Quanto ao ingresso de não índios nas referidas terras, assentou que “Fica assegurado o trânsito de visitantes e pesquisadores nos horários e condições estipuladas pela administração” (413), isso tudo no interesse da preservação do ecossistema, pois o Ministro consagra a “preservação da natureza como bem maior de toda a humanidade”. Nas demais áreas, não afetadas à conservação ambiental, o ingresso, o trânsito e a permanência de não índios devem ser admitidos, desde que observadas as condições estabelecidas pela FUNAI, não sendo permitida a cobrança de quaisquer tarifas por parte dos indígenas. De igual forma, as estradas, os equipamentos públicos, as linhas de transmissão de energia ou quaisquer outros equipamentos e instalações públicas não sofrerão a incidência de tarifas.

O Ministro Menezes Direito, demonstrando bastante conhecimento da ligação do indígena com a terra, asseverou:

Não há índio sem terra. A relação com o solo é marca característica da essência indígena, pois tudo o que ele é, é na terra e com a terra.
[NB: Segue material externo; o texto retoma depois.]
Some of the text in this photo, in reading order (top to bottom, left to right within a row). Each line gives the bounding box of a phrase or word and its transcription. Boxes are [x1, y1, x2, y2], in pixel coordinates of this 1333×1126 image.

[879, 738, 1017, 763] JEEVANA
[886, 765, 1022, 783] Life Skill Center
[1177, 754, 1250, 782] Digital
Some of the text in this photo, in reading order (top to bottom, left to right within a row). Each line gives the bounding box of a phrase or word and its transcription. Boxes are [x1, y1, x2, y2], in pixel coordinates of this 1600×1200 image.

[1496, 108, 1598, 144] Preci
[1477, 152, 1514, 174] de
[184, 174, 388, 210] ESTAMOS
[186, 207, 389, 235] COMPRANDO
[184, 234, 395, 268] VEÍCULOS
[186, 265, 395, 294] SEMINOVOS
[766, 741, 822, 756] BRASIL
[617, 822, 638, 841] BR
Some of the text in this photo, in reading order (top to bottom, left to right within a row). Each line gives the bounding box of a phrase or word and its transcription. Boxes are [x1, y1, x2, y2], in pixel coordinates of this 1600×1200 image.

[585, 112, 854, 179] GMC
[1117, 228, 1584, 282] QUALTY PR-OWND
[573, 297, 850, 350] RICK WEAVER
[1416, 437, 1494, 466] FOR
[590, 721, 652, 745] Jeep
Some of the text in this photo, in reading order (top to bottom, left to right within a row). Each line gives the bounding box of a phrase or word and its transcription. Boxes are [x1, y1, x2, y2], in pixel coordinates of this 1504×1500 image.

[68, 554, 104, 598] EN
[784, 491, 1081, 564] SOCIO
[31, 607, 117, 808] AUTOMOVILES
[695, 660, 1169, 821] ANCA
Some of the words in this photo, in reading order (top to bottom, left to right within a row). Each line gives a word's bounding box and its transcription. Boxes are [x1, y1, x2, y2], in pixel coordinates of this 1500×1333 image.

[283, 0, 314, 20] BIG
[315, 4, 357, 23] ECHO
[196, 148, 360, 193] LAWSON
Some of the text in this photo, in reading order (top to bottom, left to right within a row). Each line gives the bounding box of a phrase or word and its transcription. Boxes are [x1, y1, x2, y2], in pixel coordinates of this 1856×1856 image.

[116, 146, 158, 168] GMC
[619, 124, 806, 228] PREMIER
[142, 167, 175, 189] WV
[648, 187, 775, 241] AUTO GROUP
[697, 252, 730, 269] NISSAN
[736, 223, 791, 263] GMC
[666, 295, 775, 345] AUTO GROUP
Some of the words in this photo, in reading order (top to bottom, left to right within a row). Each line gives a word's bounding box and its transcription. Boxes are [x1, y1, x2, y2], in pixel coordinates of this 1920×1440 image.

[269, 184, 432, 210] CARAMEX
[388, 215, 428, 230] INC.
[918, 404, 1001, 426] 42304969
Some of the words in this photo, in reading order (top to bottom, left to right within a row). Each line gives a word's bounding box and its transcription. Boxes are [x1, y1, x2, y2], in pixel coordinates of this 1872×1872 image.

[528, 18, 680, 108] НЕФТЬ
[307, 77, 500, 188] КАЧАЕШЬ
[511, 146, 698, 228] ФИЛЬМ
Daí a importância do solo para a garantia dos seus direitos, todos ligados de uma maneira ou de outra à terra. É o que se extrai do corpo do art. 231 da Constituição. (p. 377)

Consonante com esse princípio, o Ministro salientou os dispositivos constitucionais protetores dos direitos indígenas às terras tradicionalmente ocupadas por eles, afirmando a imprescritibilidade e indisponibilidade das mesmas; a impossibilidade de arrendamento ou qualquer ato ou negócio jurídico que restrinja o pleno exercício da posse direta pela comunidade indígena ali residente; a proibição da caça, pesca, coleta de frutos ou de atividade agropecuária ou extrativa por pessoas estranhas às populações indígenas locais.

Reafirmou a isenção de tributos sobre o patrimônio e a renda indígena, sobre o usufruto das riquezas naturais e das utilidades existentes nas terras por eles usufruídas.

Quanto à ampliação das áreas já demarcadas, o Ministro mostrou-se contrário, entendendo que sobre elas aplica-se a preclusão administrativa, de modo que referidas áreas não podem ser objeto nem de mitigação e nem de ampliação.

O voto do Ministro Menezes Direito reveste-se de fundamental importância para a pacificação das questões indígenas, pois, de maneira científica, deixa evidenciados os direitos desses povos sobre as terras que tradicionalmente ocupam, ao tempo em que relativiza tais direitos, reafirmando a primazia do interesse público sobre tudo, inclusive, sobre as referidas terras, igualando índios e não índios sob a mesma medida, a brasilidade e os postulados constitucionais.